▶ Available data:
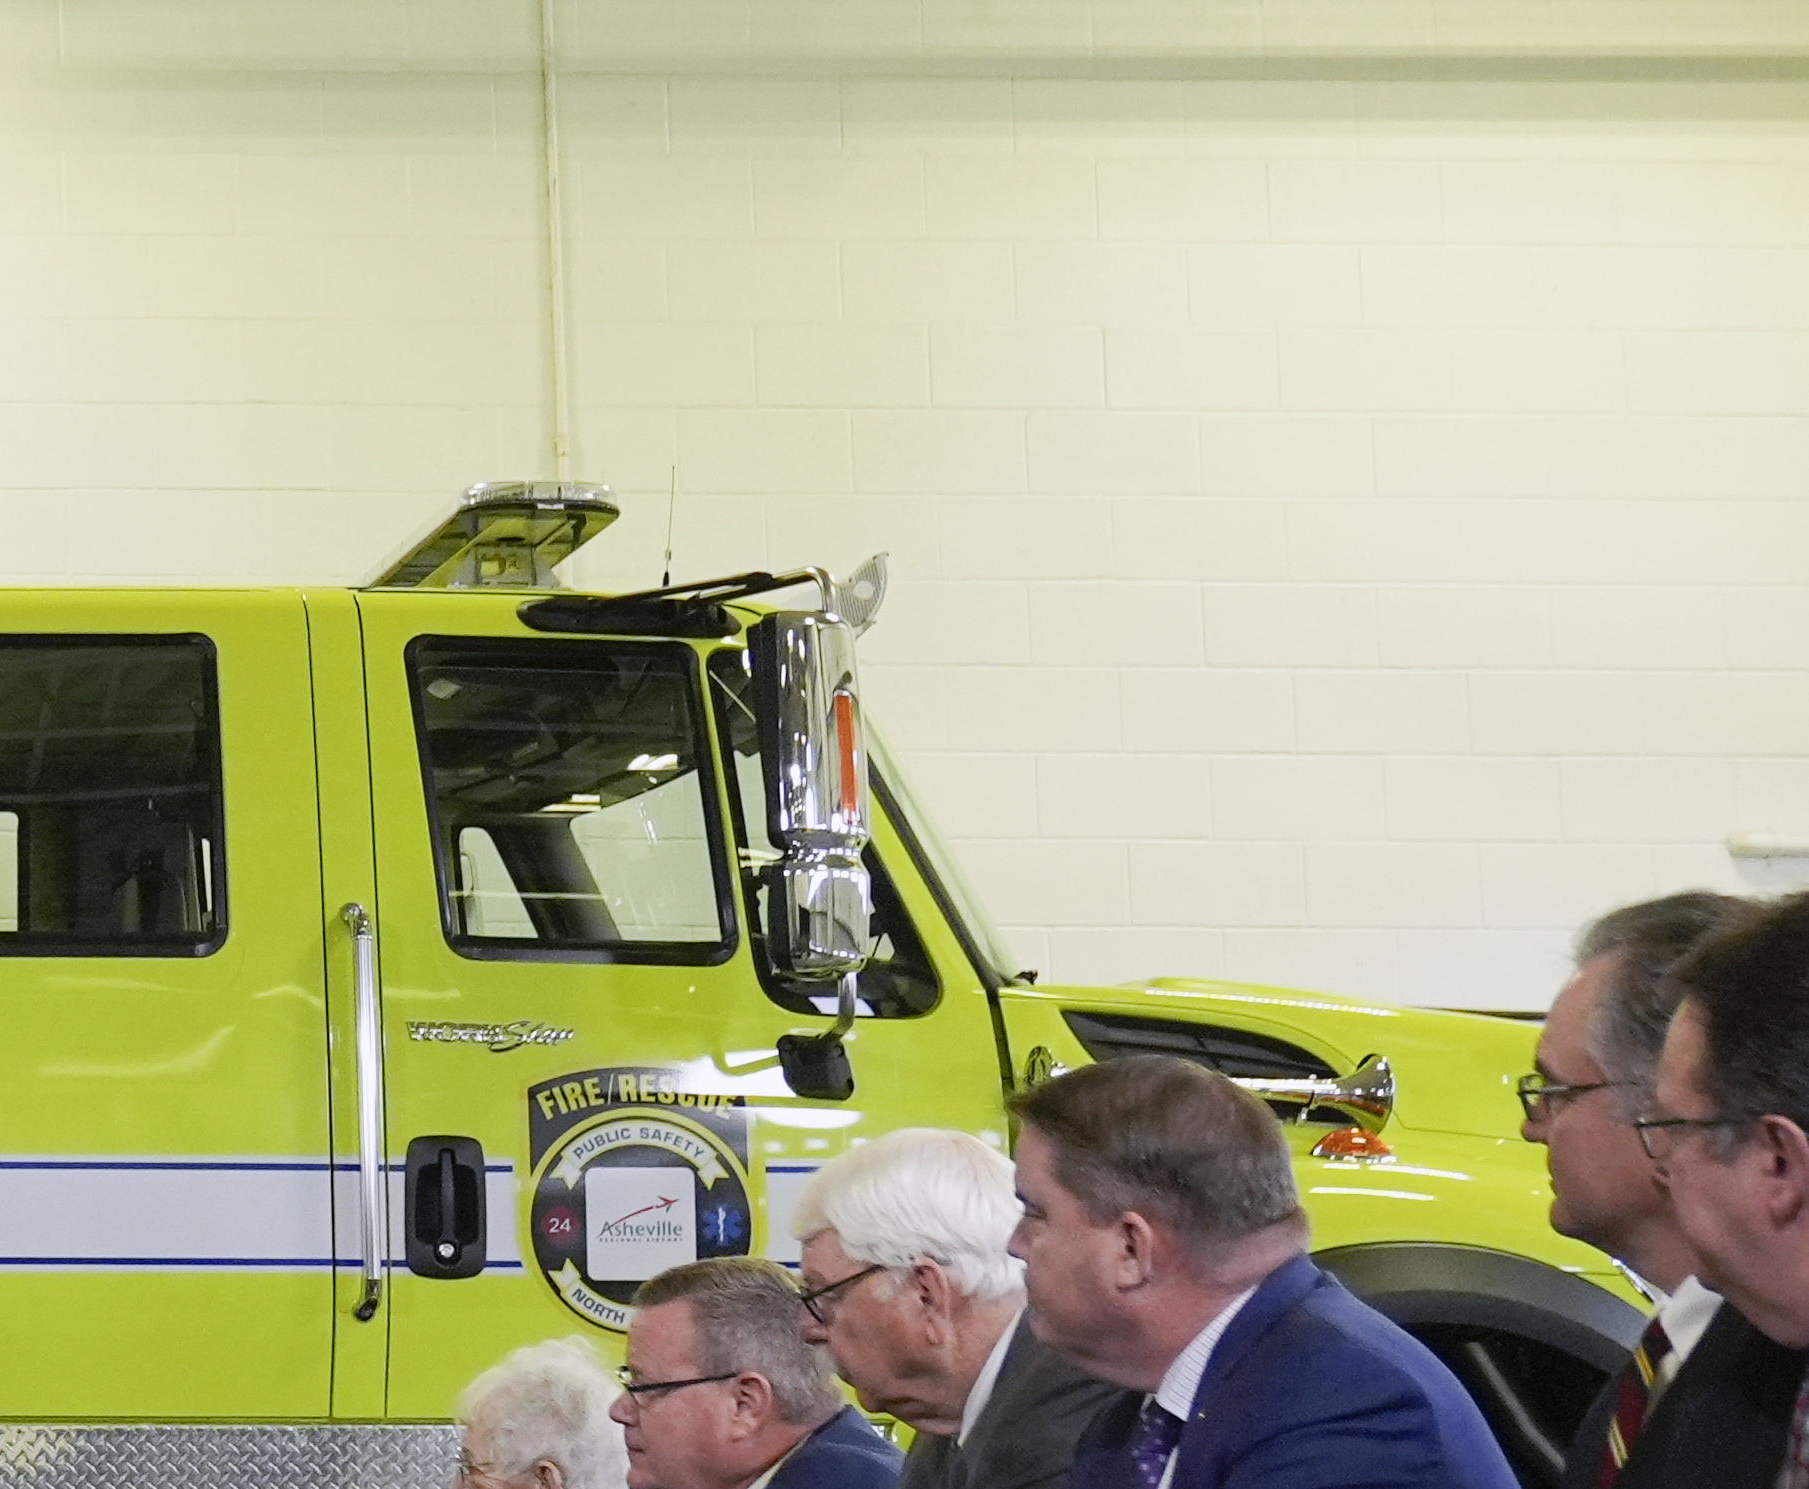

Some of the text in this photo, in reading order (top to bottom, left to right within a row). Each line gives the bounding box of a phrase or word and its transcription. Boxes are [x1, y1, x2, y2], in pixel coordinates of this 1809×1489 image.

[573, 1127, 705, 1159] PUBLIC SAFETY
[548, 1217, 572, 1234] 24
[596, 1221, 683, 1238] Asheville
[571, 1287, 626, 1324] NORTH
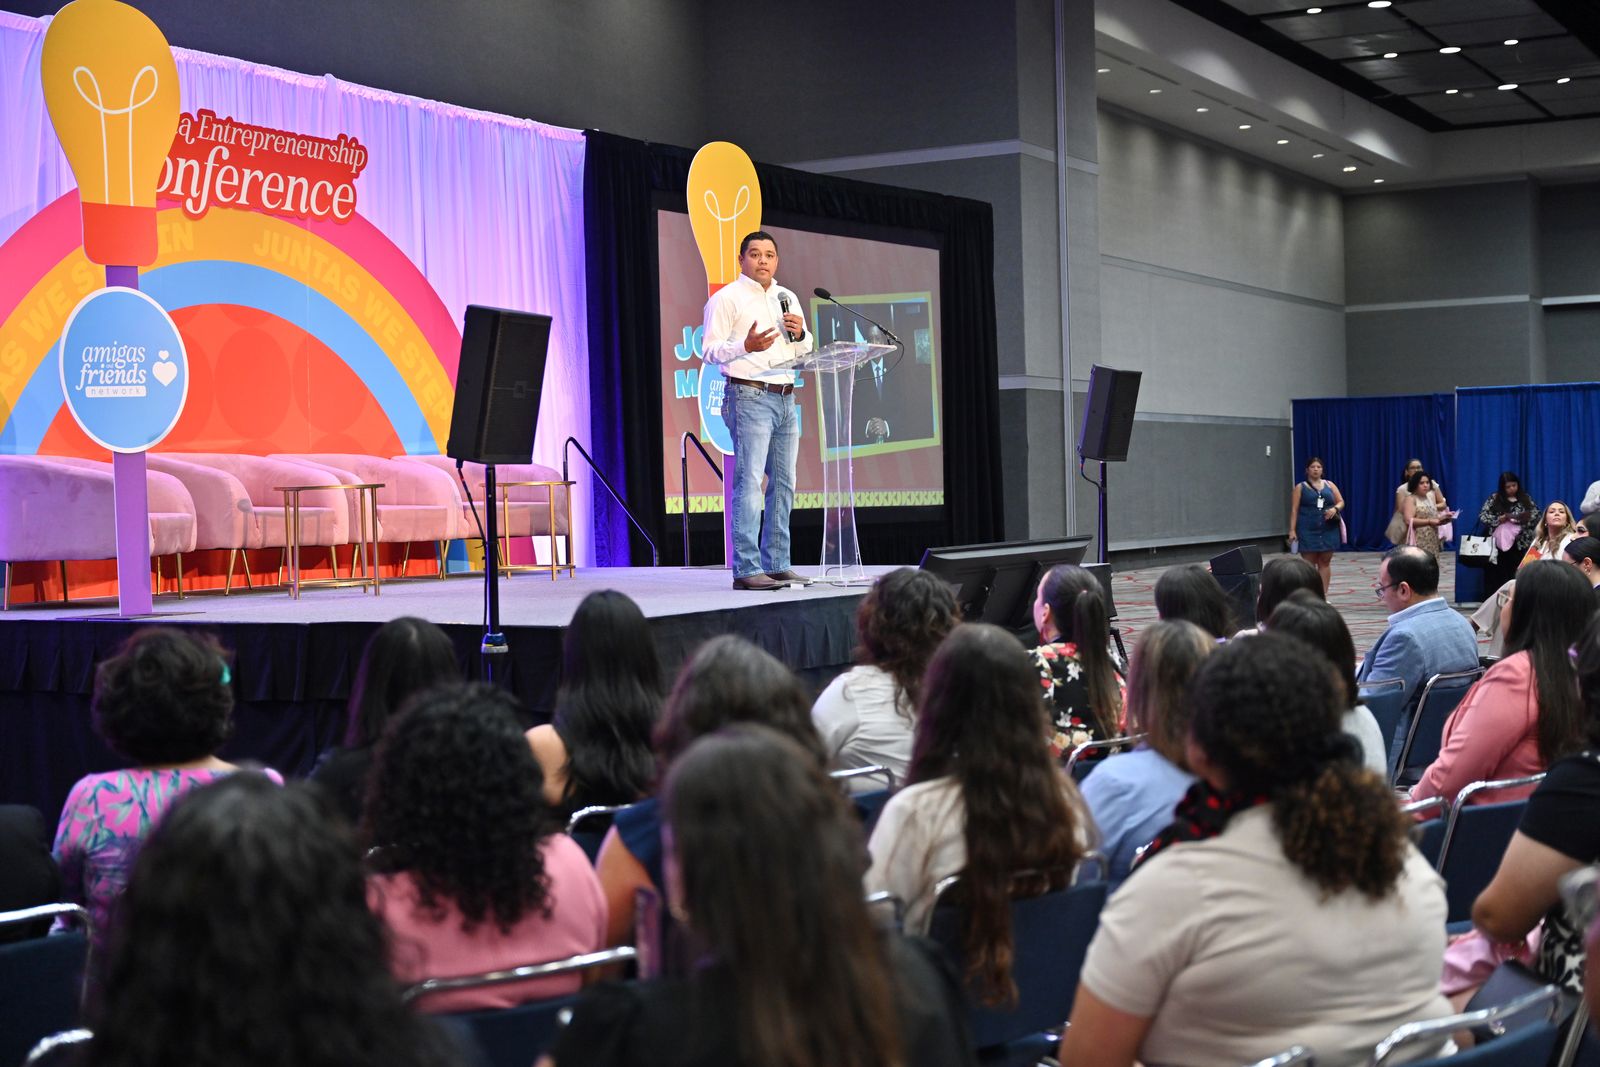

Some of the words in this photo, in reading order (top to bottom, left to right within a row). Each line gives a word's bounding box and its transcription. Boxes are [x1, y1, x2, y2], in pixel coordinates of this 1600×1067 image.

[197, 114, 366, 174] Entrepreneurship
[19, 279, 73, 343] WE
[252, 229, 361, 304] JUNTAS
[363, 290, 404, 347] WE
[401, 341, 450, 421] STEP
[81, 340, 146, 369] amigas
[75, 363, 147, 391] friends
[91, 388, 139, 396] network
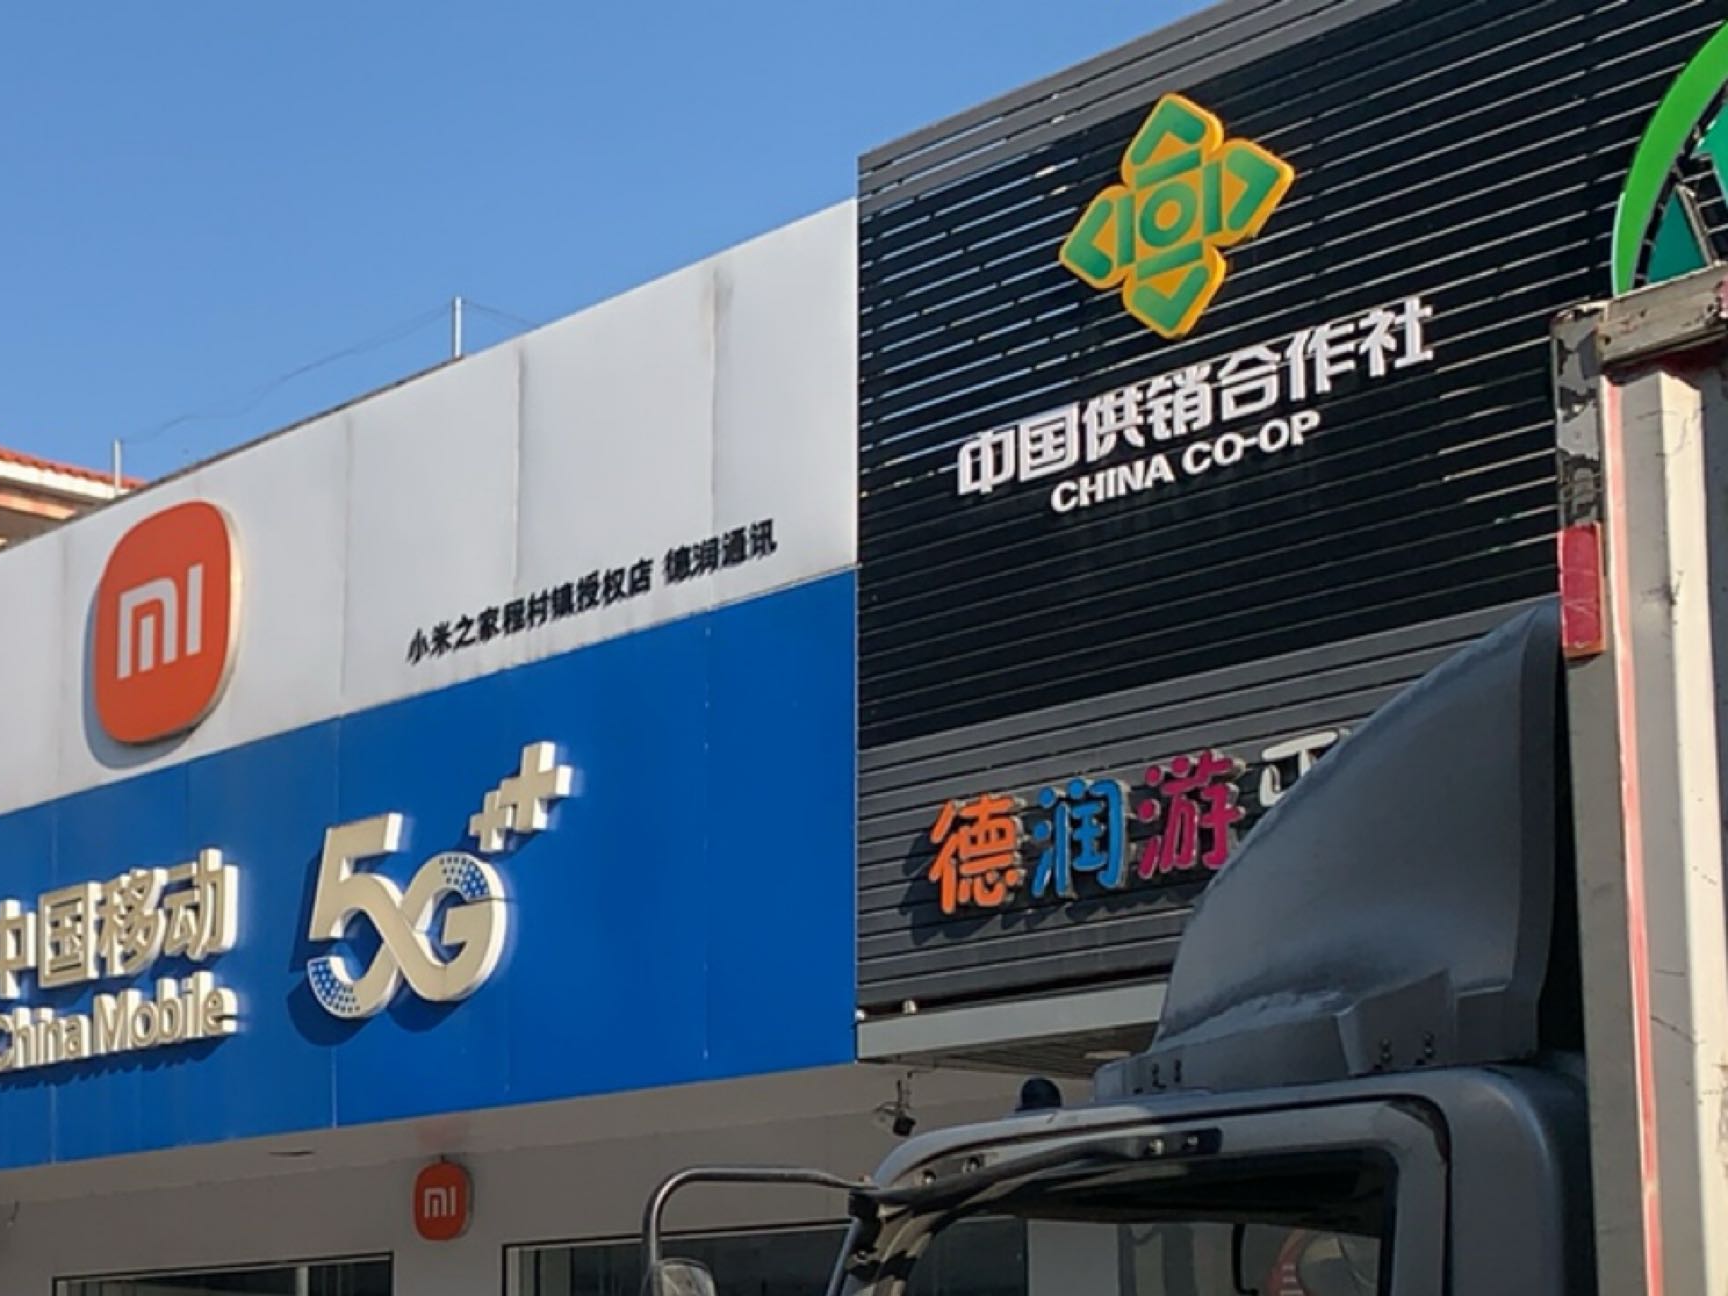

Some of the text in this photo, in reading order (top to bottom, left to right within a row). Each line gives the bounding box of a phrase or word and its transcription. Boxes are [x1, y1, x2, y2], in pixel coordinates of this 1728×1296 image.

▶ What the exercise asks:
What is needed is an exact copy of every entry, minus the images.

▶ Exercise answer:
Some of the text in this photo, in reading order (top to bottom, left to right within a row). Each line gives the bounding box of a phrase or word and its transcription. Boxes are [x1, y1, x2, y2], in pixel coordinates of this 1809×1489 image.

[573, 1127, 705, 1159] PUBLIC SAFETY
[548, 1217, 572, 1234] 24
[596, 1221, 683, 1238] Asheville
[571, 1287, 626, 1324] NORTH

Some of the words in this photo, in reading order (top to bottom, left to right within a row). Each line gives a word's bounding box and its transcription. Boxes are [x1, y1, x2, y2], in pixel coordinates of this 1600×1067 image.

[197, 114, 366, 174] Entrepreneurship
[19, 279, 73, 343] WE
[252, 229, 361, 304] JUNTAS
[363, 290, 404, 347] WE
[401, 341, 450, 421] STEP
[81, 340, 146, 369] amigas
[75, 363, 147, 391] friends
[91, 388, 139, 396] network

Some of the text in this photo, in reading order (top to bottom, left to right within a row). Each line gives the bounding box of a phrase or word and its transcription. Boxes are [x1, y1, x2, y2], in pixel coordinates of this 1728×1296 image.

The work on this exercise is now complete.